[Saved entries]
········
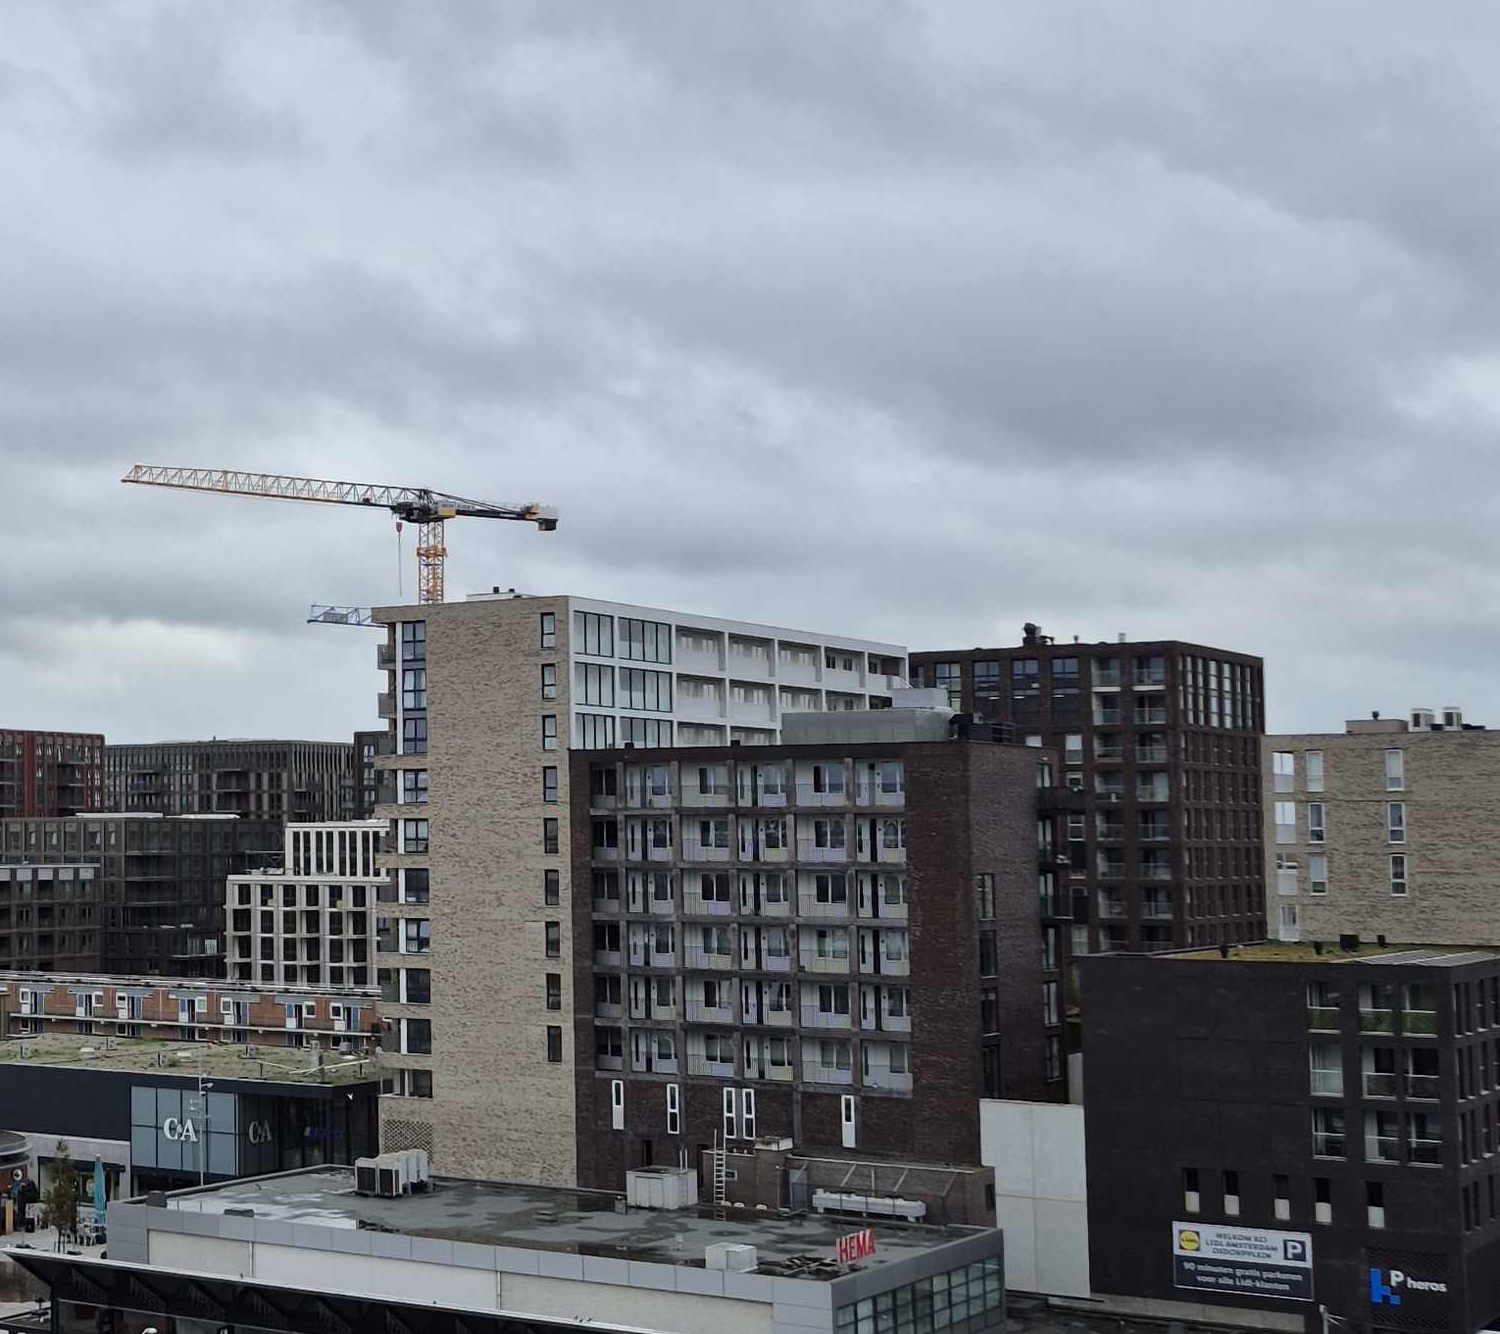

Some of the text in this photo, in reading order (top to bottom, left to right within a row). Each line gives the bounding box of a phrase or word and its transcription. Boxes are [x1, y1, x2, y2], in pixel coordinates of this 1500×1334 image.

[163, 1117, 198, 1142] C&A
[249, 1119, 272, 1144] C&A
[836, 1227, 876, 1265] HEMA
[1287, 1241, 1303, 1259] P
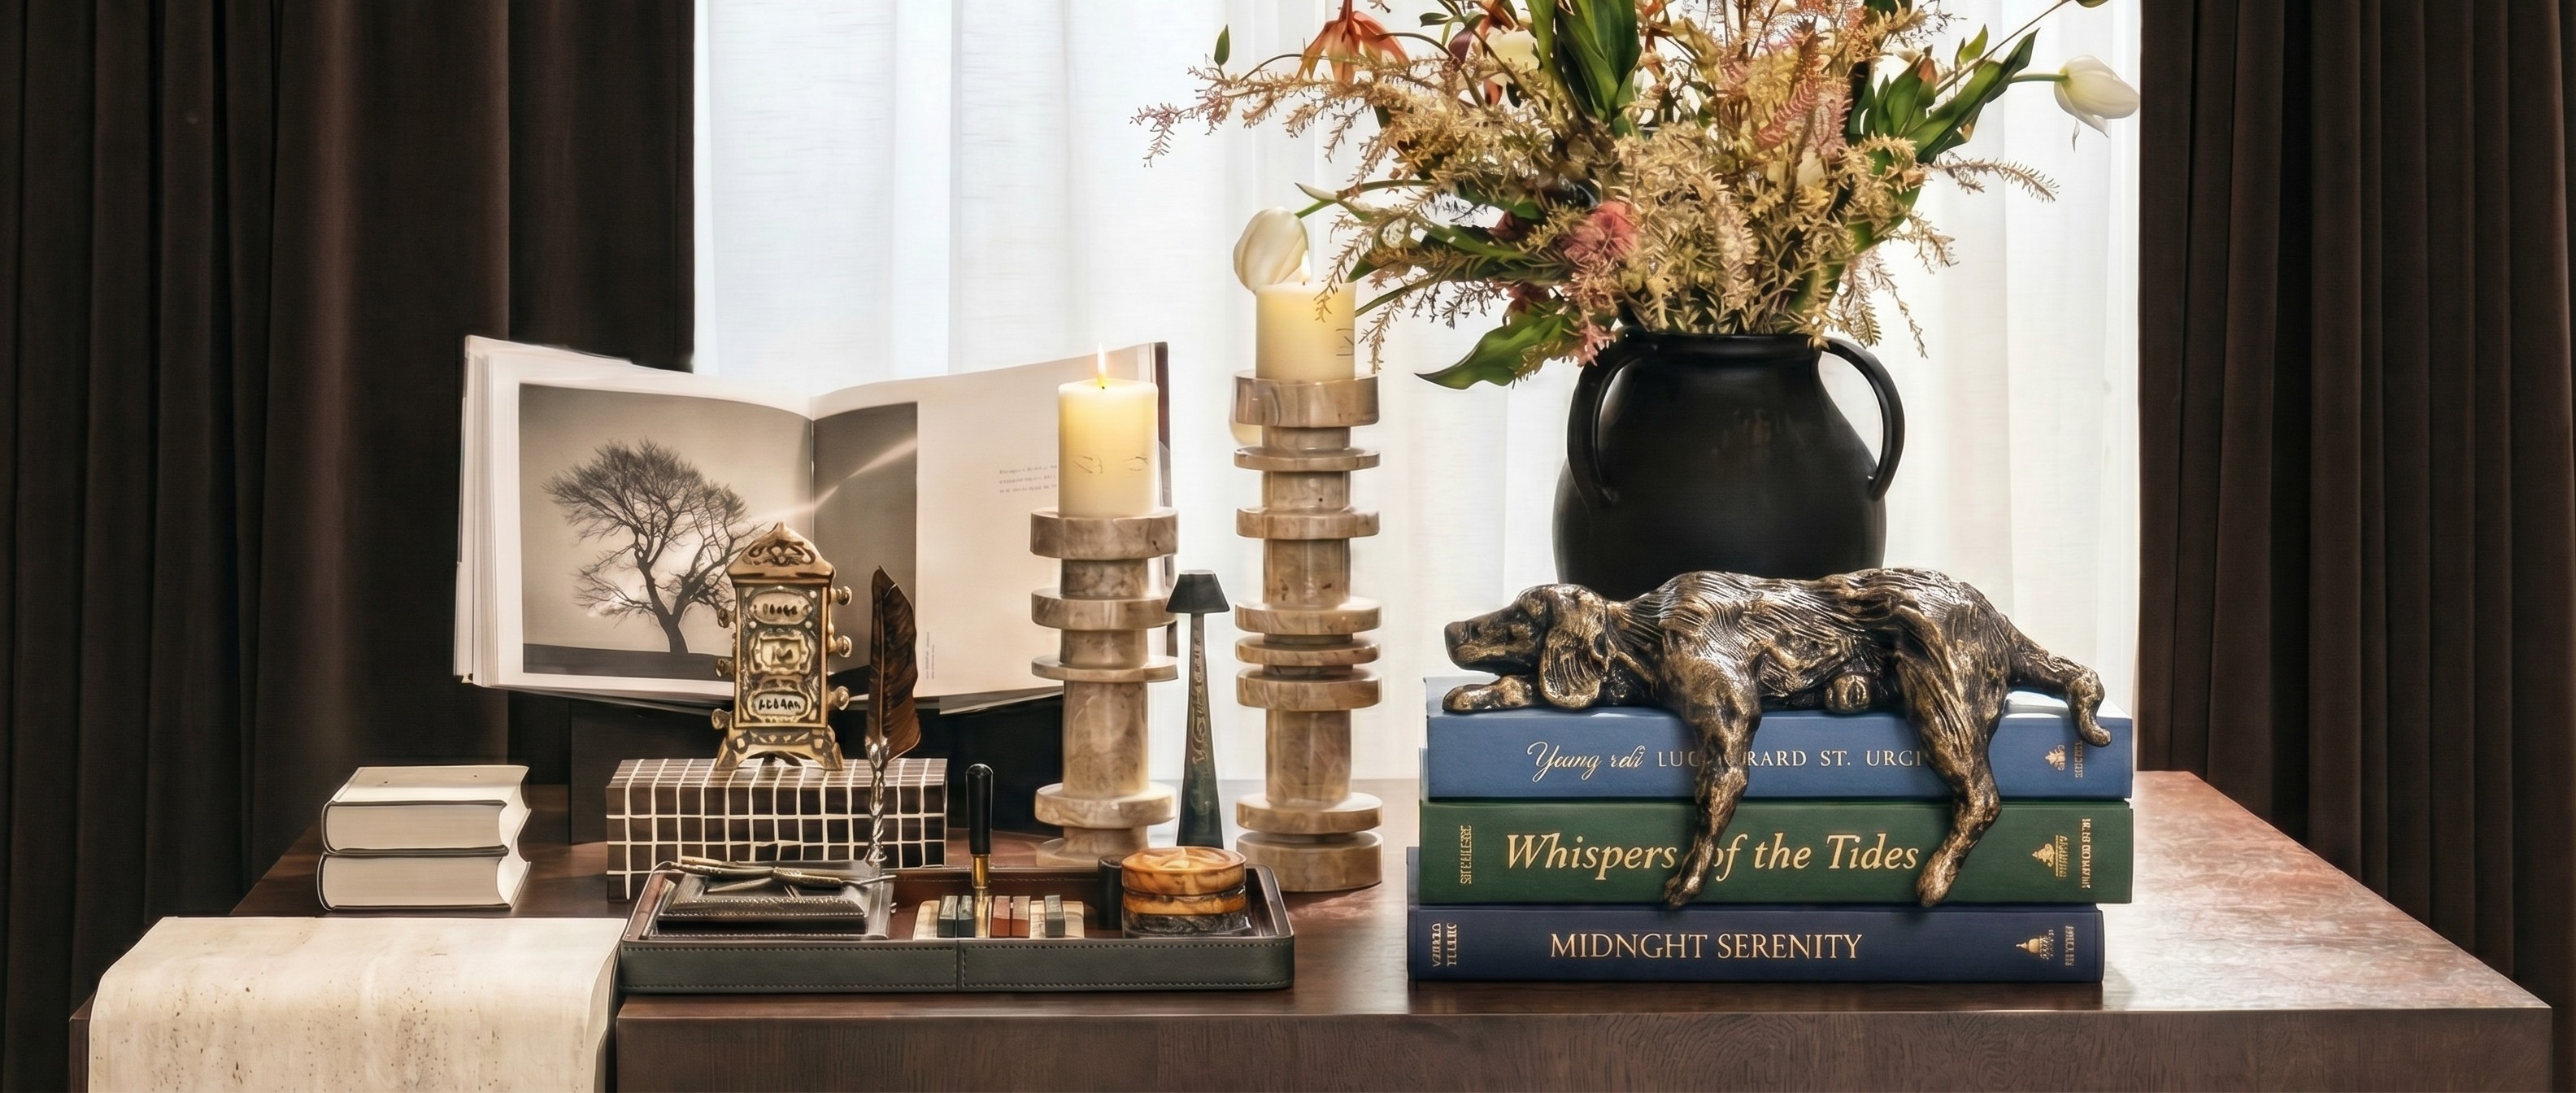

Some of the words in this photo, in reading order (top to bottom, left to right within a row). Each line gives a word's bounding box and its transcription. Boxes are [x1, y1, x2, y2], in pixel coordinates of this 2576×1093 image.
········
WORK REQUEST: Could you transcribe every entry above exactly, leaving out the images?

ANSWER TO THE PROBLEM:
Some of the text in this photo, in reading order (top to bottom, left to right within a row). Each line gives the bounding box of a phrase or word and its transcription. Boxes are [x1, y1, x2, y2], in pixel coordinates of this 1500×1334 image.

[163, 1117, 198, 1142] C&A
[249, 1119, 272, 1144] C&A
[836, 1227, 876, 1265] HEMA
[1287, 1241, 1303, 1259] P

Some of the words in this photo, in reading order (top to bottom, left to right within a row). Each line gives a word's bounding box and its transcription. Boxes are [x1, y1, x2, y2], in pixel coordinates of this 2576×1093 image.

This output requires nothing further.